Aerodynamic analysis of a step adjustment method for blade pitch of a VAWT

Vertical-axis wind turbines (VAWTs), which are considered an important wind energy conversion device, have recently received renewed attention. Researchers are investigating the pitch angle control method to improve the wind energy utilization efficiency of VAWTs. In this study, ANSYS Fluent is used to investigate the aerodynamic performance of two-dimensional VAWTs. Different pitch angles are investigated using unsteady Reynolds-averaged Navier-Stokes calculations, and turbulence is modeled with the shear stress transport k-co model. Four quartiles are defined for the azimuthal angle of a rotation period: upwind (45 degrees < theta < 135 degrees), leeward (135 degrees < theta < 225 degrees), downwind (225 degrees < theta < 315 degrees), and windward (315 degrees < theta < 45 degrees).

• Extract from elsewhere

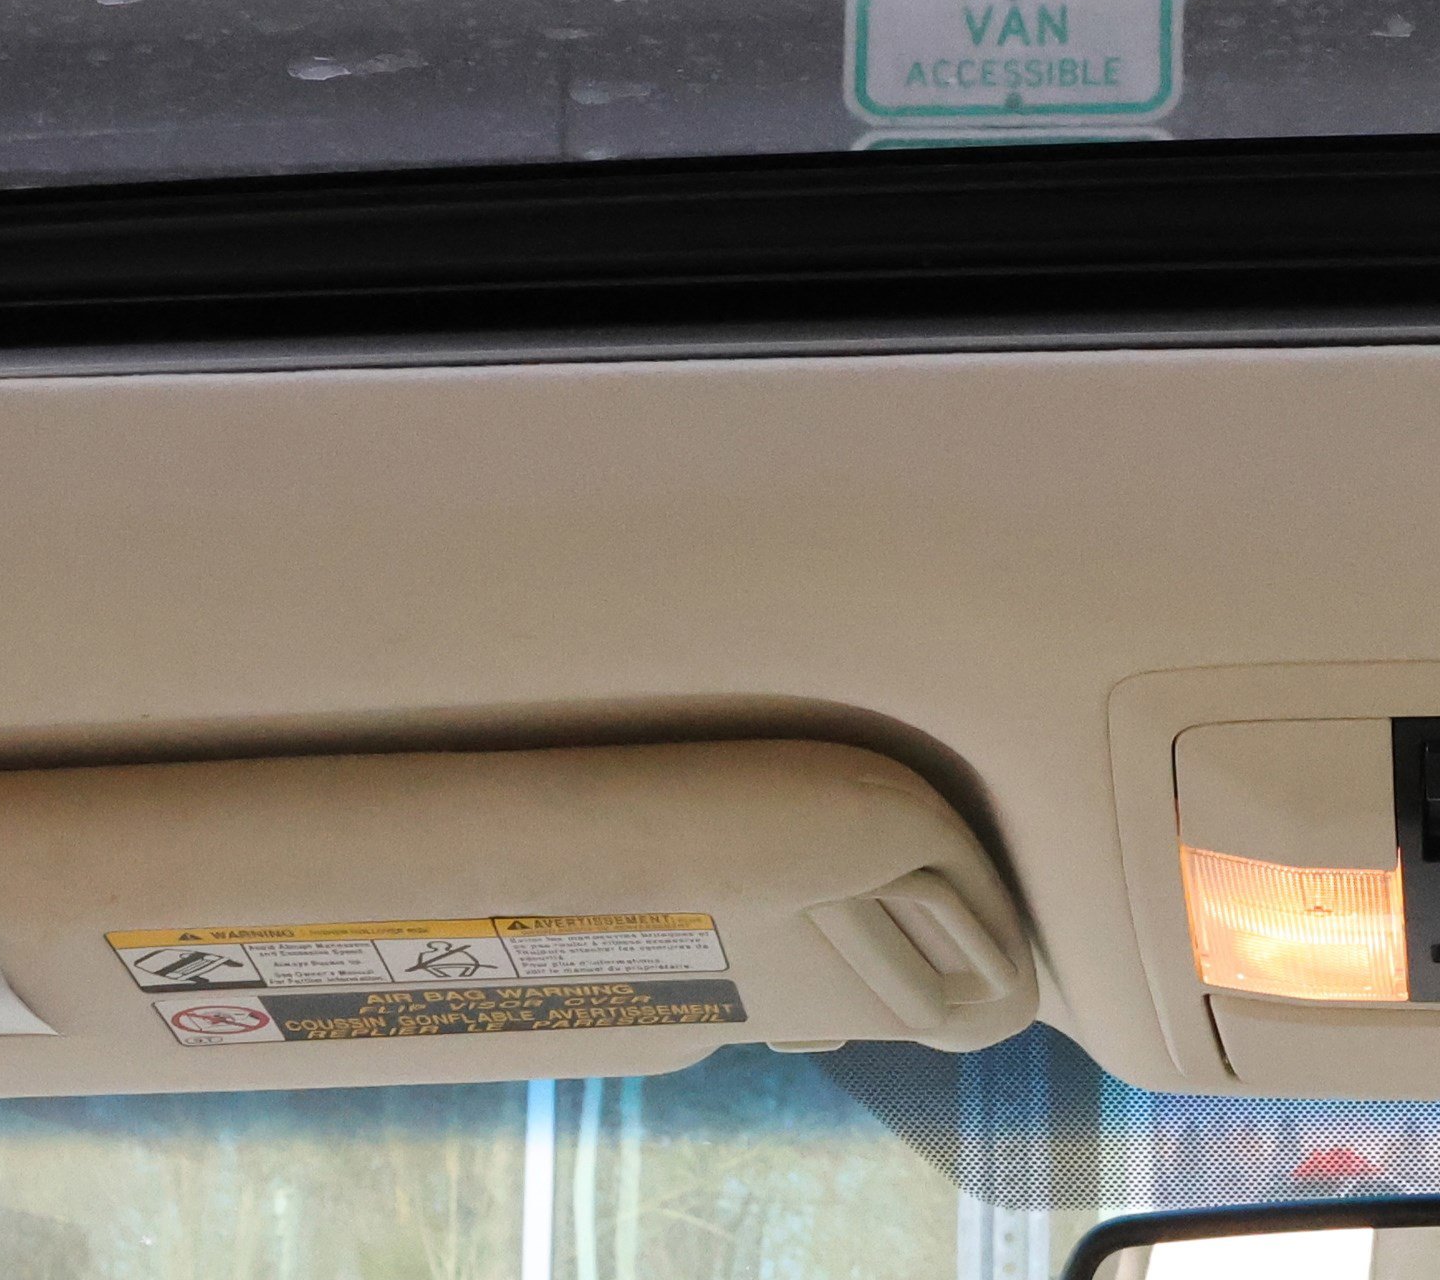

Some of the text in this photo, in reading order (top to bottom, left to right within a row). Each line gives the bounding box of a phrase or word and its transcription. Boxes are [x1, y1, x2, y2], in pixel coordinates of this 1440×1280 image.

Furthermore, the sliding-mesh technique and a user-defined function are applied to adjust the pitch angle of the wind turbine blades in different azimuthal zones. This study proposes a pitch angle control method that effectively improves the efficiency of VAWTs by comprehensively analyzing the aerodynamic performance of the wind turbine and power coefficient (C-p) variation in each zone. The results indicate that an appropriate pitch angle control solution can significantly improve the efficiency of the wind turbine. Compared to a fixed pitch angle of 0 degrees, an approximately 17.0% increase in C-p can be achieved and, compared to the optimal fixed pitch angle -1 degrees, an approximately 12.0% increase in C-p can be achieved.